Minimum monthly wages in European Union Countries

Now, with all these in mind, let’s check out below the minimum salaries in the European Union (per month), ranked from the highest to the lowest in Net value:

CountyNET Salary
1. Luxembourg€2,145
2. Denmark€2,000
3. Netherlands€1,887
4. Ireland€1,895
5. Sweden€1,600
6. Germany€1,514
7. France€1,385
8. Belgium (varies based on regions)€1,380
9. Finland€1,370
10. Austria€1,300
11. Spain€1,050
12. Italy€1,050
13. Cyprus€940
14. Portugal€790
15. Slovenia€780
16. Malta€760
17. Greece€760
18. Poland€740
19. Lithuania€708
20. Croatia€677
21. Czechia€668
22. Estonia€668
23. Latvia€620
24. Slovakia€575
25. Hungary€524
26. Romania€418
27. Bulgaria€370

Please have in mind that some countries (like Austria, Denmark, Sweden or Italy) don’t have a minimum wage set by law, so I have estimated the minimum earnings based on research in each country’s official statistics website.
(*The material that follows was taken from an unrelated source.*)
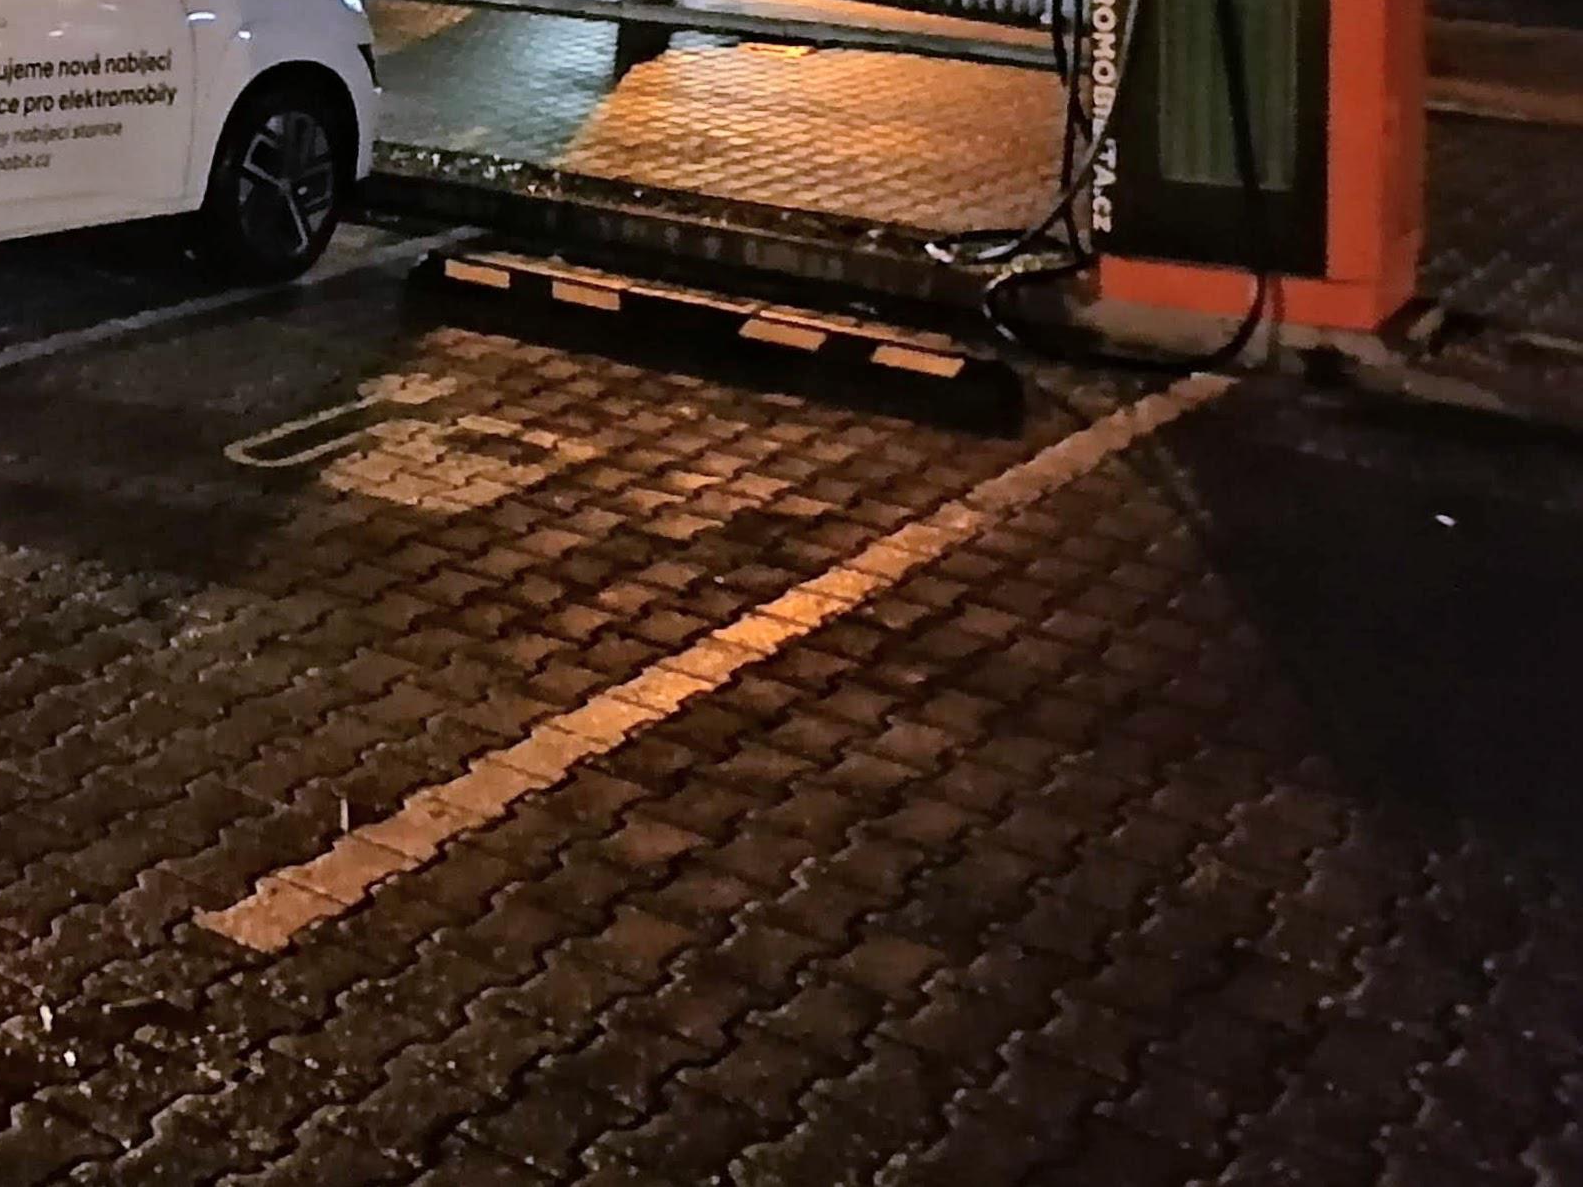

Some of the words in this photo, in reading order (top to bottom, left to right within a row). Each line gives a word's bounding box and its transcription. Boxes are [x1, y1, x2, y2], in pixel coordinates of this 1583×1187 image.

Now, if we want to see what the average minimum salary across the European Union, after doing the math we have this value in terms of Take Home Pay:

Average minimum salary in European Union in 2024: 1,058 Euros / month

I am tracking this since 2020 now, and below you can check the evolution of the average minimum salary in the EU for all countries and how much it has grown compared to the previous year.

YearAverage minimum EU salary
2021€867/month (+7.5% vs previous year)
2022€902/month (+4.03% vs previous year)
2023€979/month (+8.53% vs previous year)
2024€1,058/month (+8.06% vs previous year)
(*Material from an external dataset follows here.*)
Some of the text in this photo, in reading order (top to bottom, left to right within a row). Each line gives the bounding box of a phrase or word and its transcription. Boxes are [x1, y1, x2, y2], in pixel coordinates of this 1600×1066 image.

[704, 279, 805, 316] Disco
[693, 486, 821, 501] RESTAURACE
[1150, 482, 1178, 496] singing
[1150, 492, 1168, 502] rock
It’s worth nothing that 2024 will remain in history as the first year ever that the average minimum salary in the EU has passed the €1,000 per month mark. This is quite an impressive milestone!

It’s interesting to note that just 10 countries of the 27 earn more than the average minimum salary throughout the Union, with Bulgarians making €688/month less than the average.

This amount is the value of the monthly minimum wage in many other EU countries!

However, all these numbers need to be taken with a grain of salt. Even though the lowest minimum salary (Bulgaria) is almost 7 times lower than the maximum minimum salary (Luxembourg), the cost of living in each country is also different and mostly keeping a similar ratio.

Why It’s Important to Know the Minimum Salaries Across the EU Countries

minimum salaries in Europe

Knowing the minimum wages should be extremely helpful in showing which countries are the cheapest to live in the European Union and where you can expect to earn more for the same amount of work.

However, for most countries, earning the minimum wage wouldn’t be enough to afford a good life – or even a decent one.

For example, earning €370 in Bulgaria, €418 in Romania, or even €668 in Czechia wouldn’t be enough… although once we get to values close to or over €1,000/month, you can expect to be able to live comfortably.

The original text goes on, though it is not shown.